LOS ANGELES — The Phoenix lander sent back the most detailed view of the Martian soil to date, showing clumps of fine grains mixed with possible minerals, scientists said Friday.

Much of the dirt that Phoenix scooped up and sprinkled on its microscope appeared as a reddish-orange hue that's typical of the Martian landscape.

Zooming in, scientists noticed green particles that could be olivine, a mineral usually associated with volcanic eruptions.
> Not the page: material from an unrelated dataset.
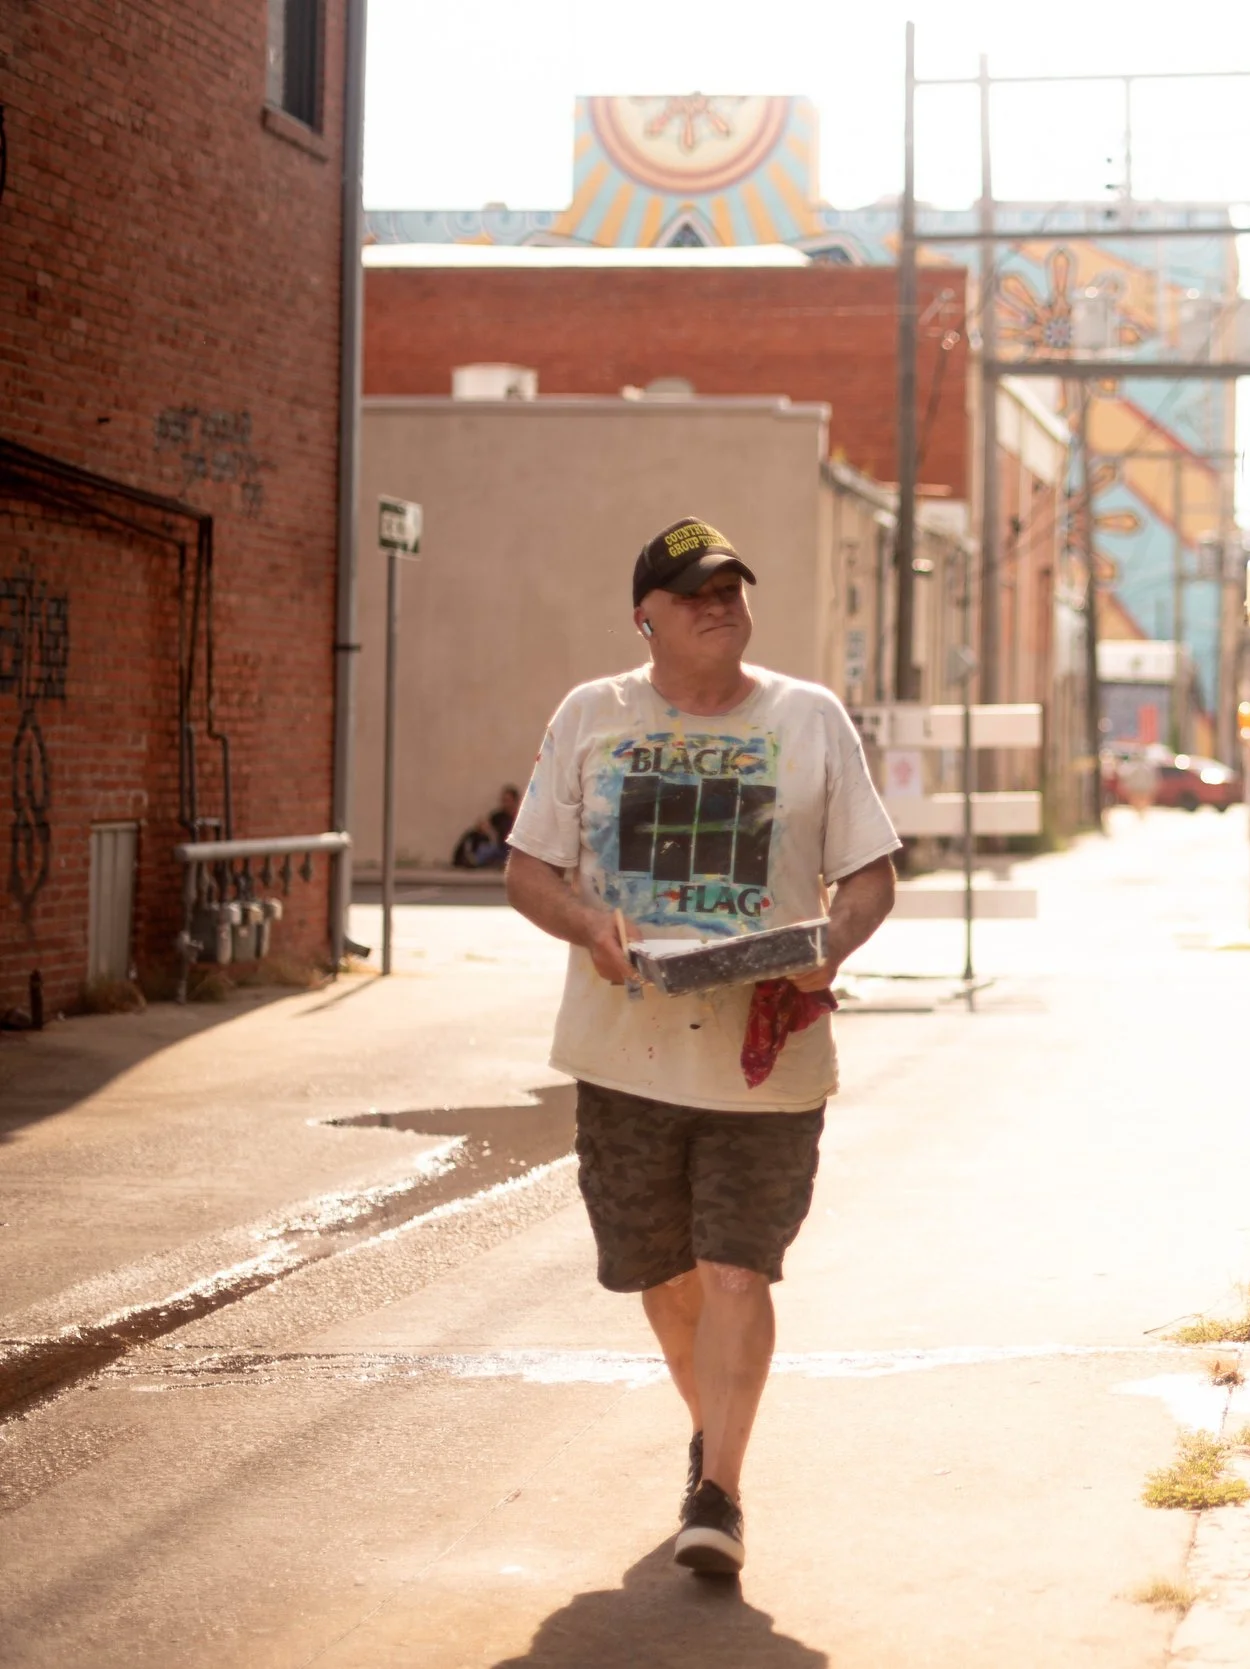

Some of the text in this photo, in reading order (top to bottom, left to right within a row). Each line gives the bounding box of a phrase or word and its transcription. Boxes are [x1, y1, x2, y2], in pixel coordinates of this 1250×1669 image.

[668, 536, 701, 558] GROUP
[630, 746, 743, 777] BLACK
[677, 884, 762, 918] FLAG
The soil also contained round, black glassy specks that could be volcanic glass, said mission scientist Tom Pike of the Imperial College in London.

It's too early to make any generalizations about Phoenix's landing site, but scientists were intrigued by the latest images.

"What we are looking at here is a part of history of Martian soil," Pike said at a news conference in Tucson, Ariz.

The mineral olivine was previously discovered by the rover Spirit, which has been roaming the Martian equatorial plains since 2004.

Since landing near Mars' north pole on May 25, Phoenix has been busy digging shallow trenches in the permafrost and delivering scoopfuls to its microscope and a test oven that is baking and sniffing the soil for traces of the chemical building blocks of life. The first results from the oven experiment won't be available until next week.

Phoenix's main task during the three-month mission is to dig into an ice layer that's believed to be lurking inches below the surface. The lander cannot directly detect life, but it will study whether the arctic region has the raw ingredients to support primitive life.

The $420 million mission is led by the University of Arizona and managed by NASA's Jet Propulsion Laboratory.